▶ [Work instructions]: Omit the images, then repeat the listing exactly.

▶ [Exercise materials]:
####

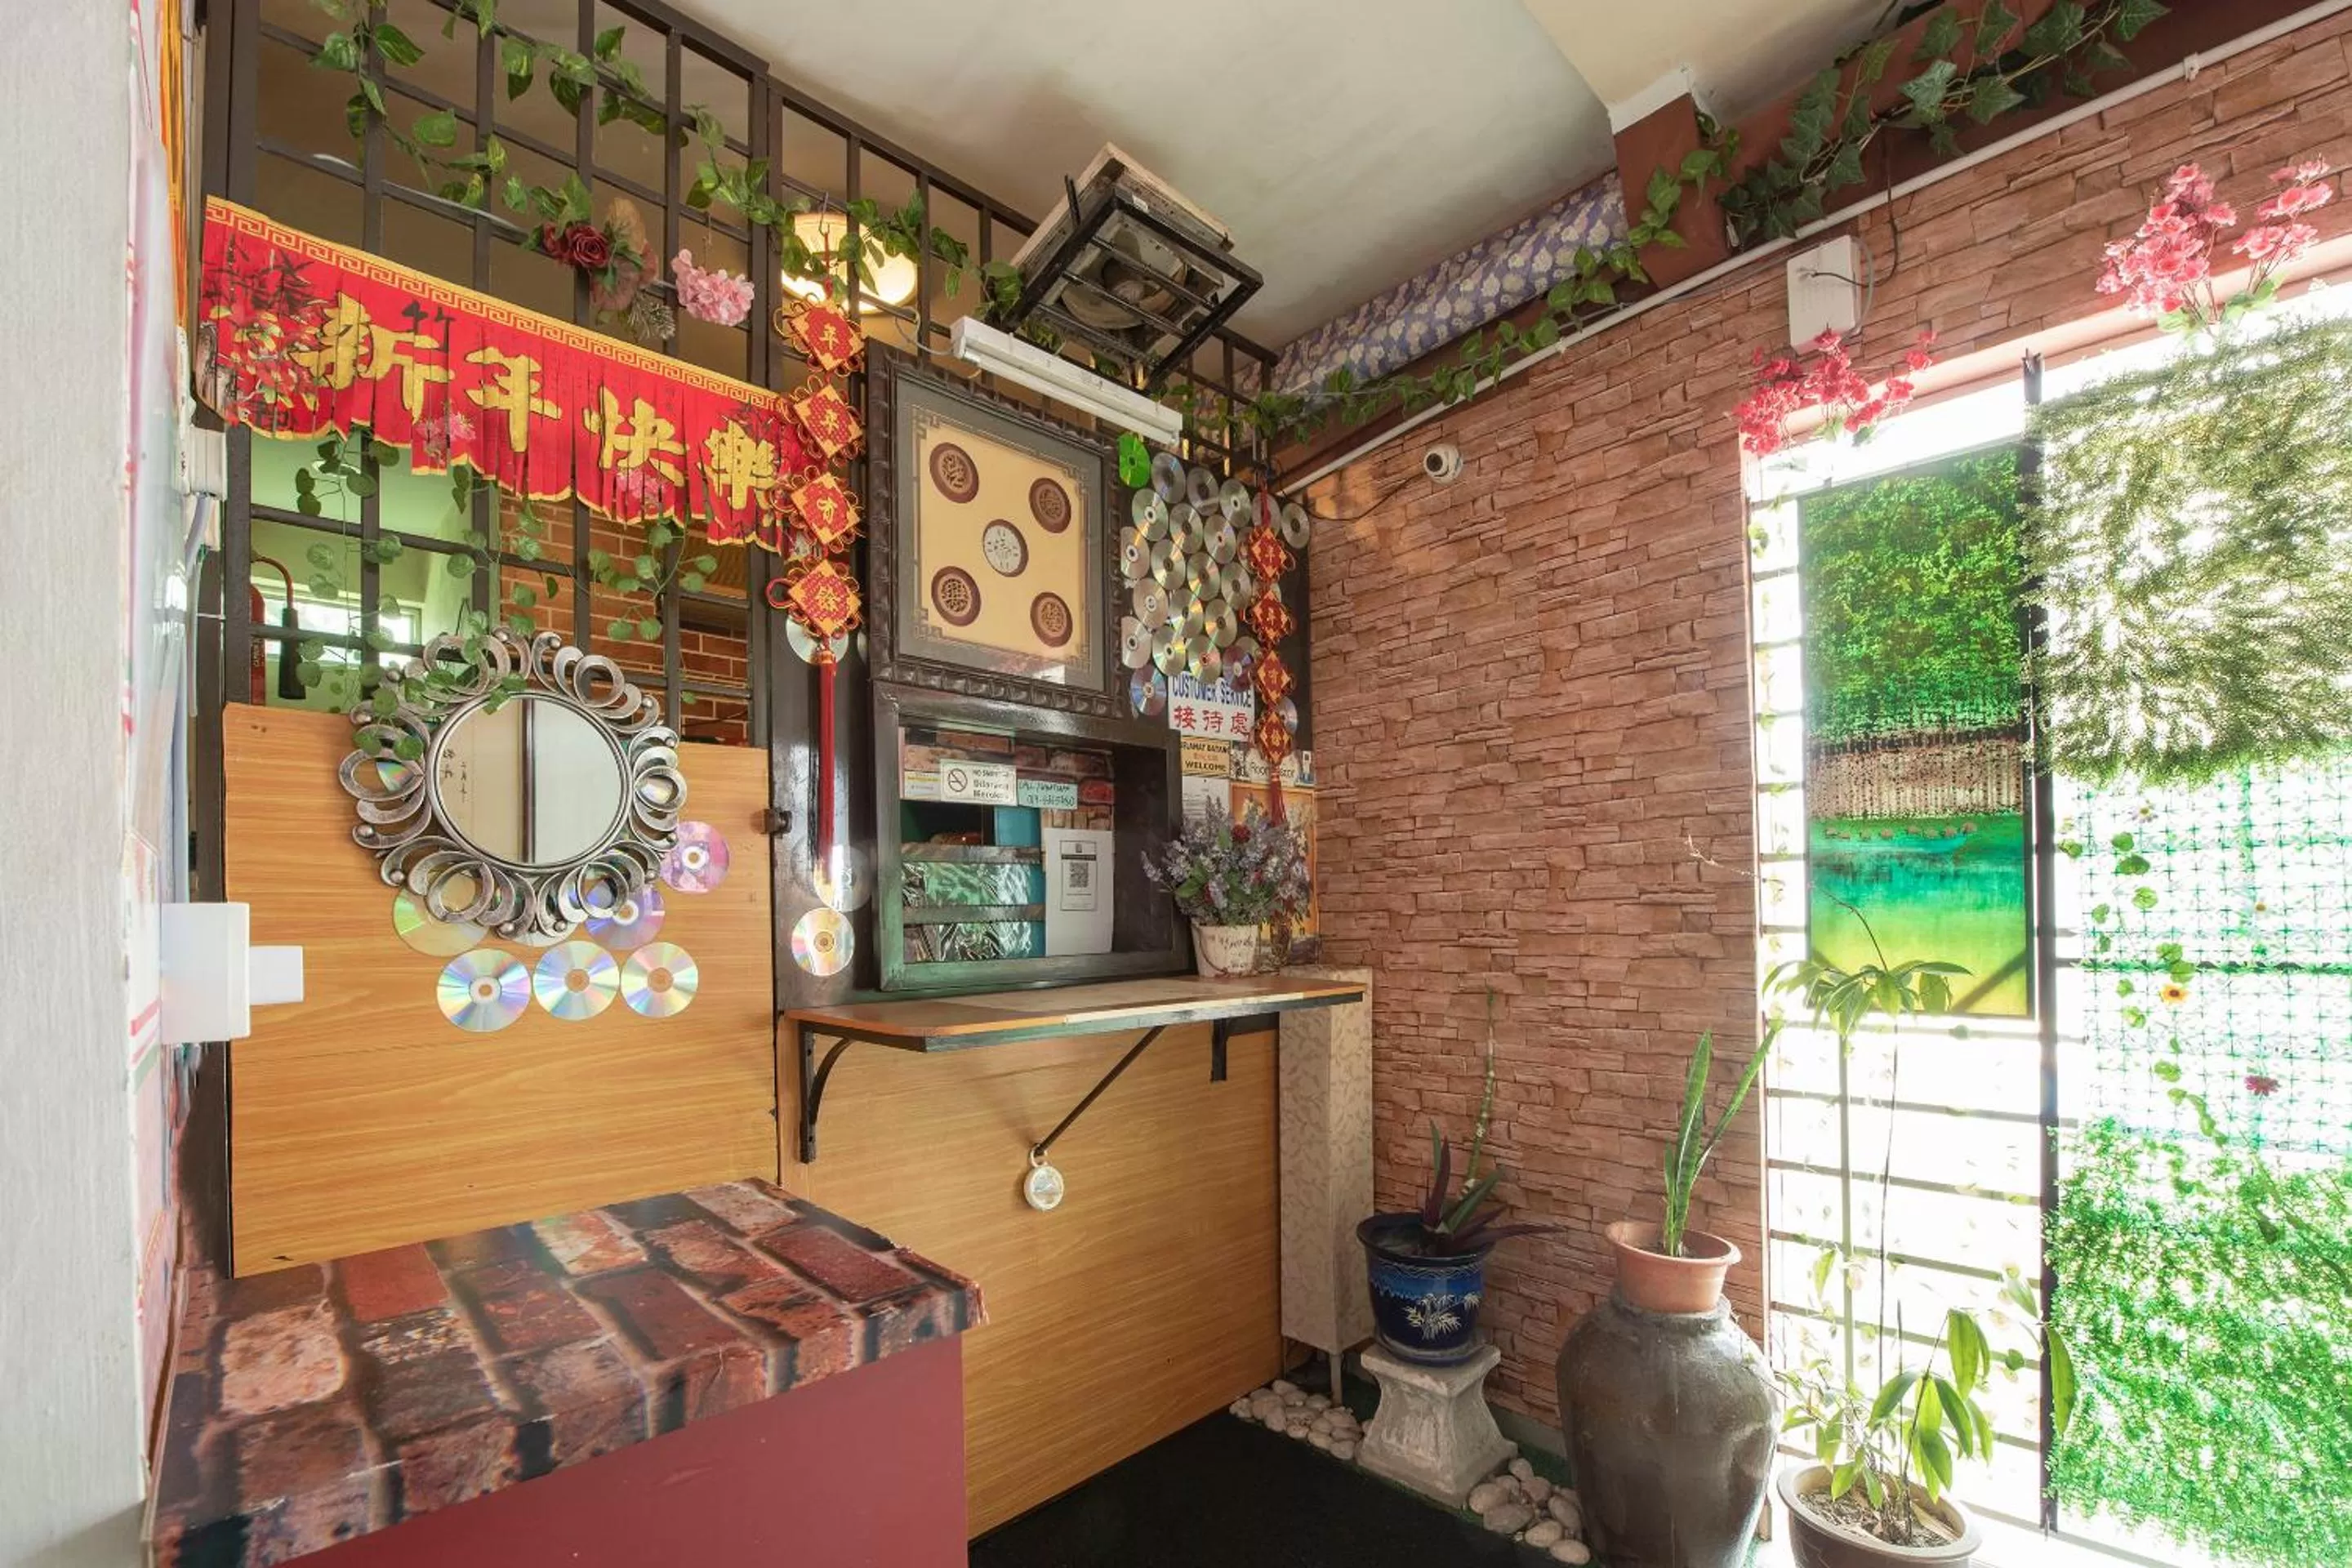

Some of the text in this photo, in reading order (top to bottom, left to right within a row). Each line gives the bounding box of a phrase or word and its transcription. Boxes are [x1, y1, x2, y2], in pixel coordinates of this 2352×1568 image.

[287, 291, 777, 510] 新年快樂
[1174, 705, 1251, 736] 接待處
[1185, 760, 1227, 772] WELCOME
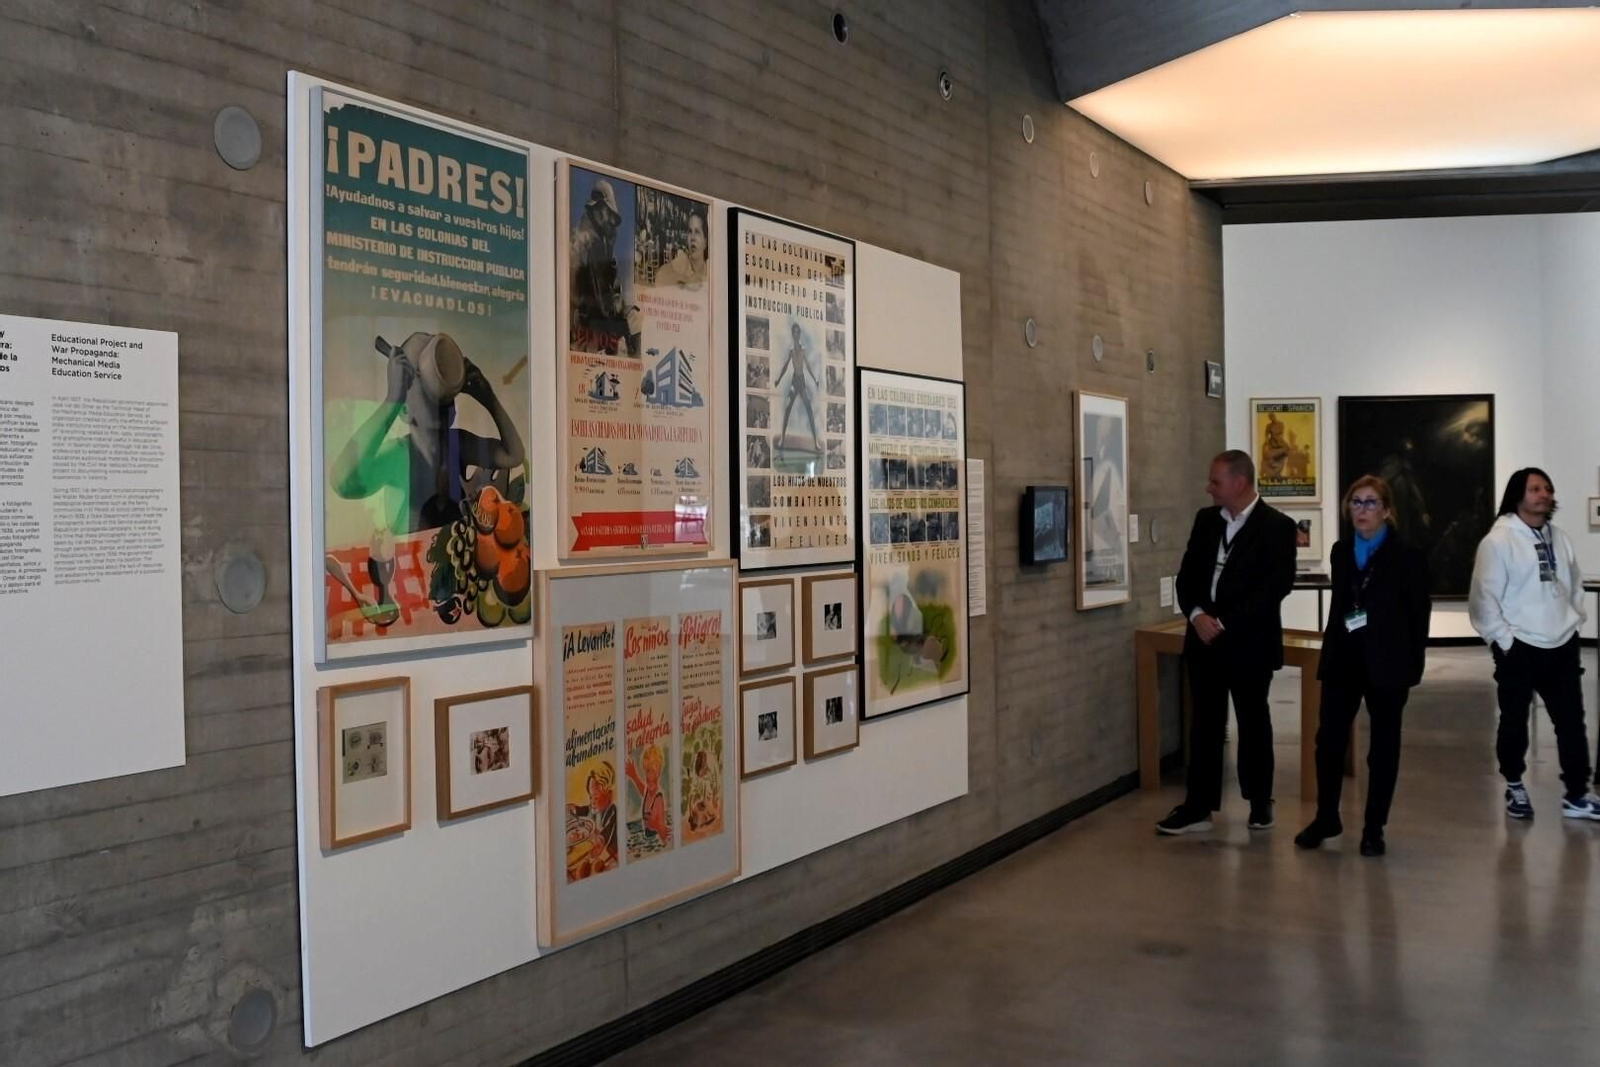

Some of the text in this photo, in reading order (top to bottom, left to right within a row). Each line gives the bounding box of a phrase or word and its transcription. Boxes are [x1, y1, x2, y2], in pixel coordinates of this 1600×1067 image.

[327, 125, 524, 219] ¡PADRES!
[398, 202, 405, 213] a
[408, 205, 443, 221] salvar
[444, 213, 451, 222] a
[453, 215, 498, 234] vuestros
[500, 223, 524, 241] hijos!
[371, 216, 491, 253] EN LAS COLONIAS DEL
[326, 231, 525, 281] MINISTERIO DE INSTRUCCION PUBLICA
[745, 232, 823, 264] EN LAS COLONIAS
[327, 255, 378, 276] tendrán
[745, 254, 823, 282] ESCOLARES DEL
[745, 274, 823, 302] MINISTERIO DE
[745, 295, 823, 321] INSTRUCCION PUBLICA
[51, 333, 98, 345] Educational
[100, 338, 127, 349] Project
[10, 353, 18, 361] la
[51, 345, 120, 359] War Propaganda:
[51, 357, 121, 369] Mechanical Media
[51, 368, 122, 380] Education Service
[773, 476, 785, 487] LOS
[807, 477, 815, 487] DE
[773, 496, 847, 507] COMBATIENTES
[773, 514, 847, 527] VIVEN SANOS
[789, 534, 848, 547] FELICES
[932, 547, 960, 560] FELICES
[577, 624, 615, 655] Levante!
[624, 622, 669, 659] Los niños

####

▶ [Worked solution]:
Some of the text in this photo, in reading order (top to bottom, left to right within a row). Each line gives the bounding box of a phrase or word and its transcription. Boxes are [x1, y1, x2, y2], in pixel coordinates of this 2352×1568 image.

[287, 291, 777, 510] 新年快樂
[1174, 705, 1251, 736] 接待處
[1185, 760, 1227, 772] WELCOME

Some of the text in this photo, in reading order (top to bottom, left to right within a row). Each line gives the bounding box of a phrase or word and its transcription. Boxes are [x1, y1, x2, y2], in pixel coordinates of this 1600×1067 image.

[327, 125, 524, 219] ¡PADRES!
[398, 202, 405, 213] a
[408, 205, 443, 221] salvar
[444, 213, 451, 222] a
[453, 215, 498, 234] vuestros
[500, 223, 524, 241] hijos!
[371, 216, 491, 253] EN LAS COLONIAS DEL
[326, 231, 525, 281] MINISTERIO DE INSTRUCCION PUBLICA
[745, 232, 823, 264] EN LAS COLONIAS
[327, 255, 378, 276] tendrán
[745, 254, 823, 282] ESCOLARES DEL
[745, 274, 823, 302] MINISTERIO DE
[745, 295, 823, 321] INSTRUCCION PUBLICA
[51, 333, 98, 345] Educational
[100, 338, 127, 349] Project
[10, 353, 18, 361] la
[51, 345, 120, 359] War Propaganda:
[51, 357, 121, 369] Mechanical Media
[51, 368, 122, 380] Education Service
[773, 476, 785, 487] LOS
[807, 477, 815, 487] DE
[773, 496, 847, 507] COMBATIENTES
[773, 514, 847, 527] VIVEN SANOS
[789, 534, 848, 547] FELICES
[932, 547, 960, 560] FELICES
[577, 624, 615, 655] Levante!
[624, 622, 669, 659] Los niños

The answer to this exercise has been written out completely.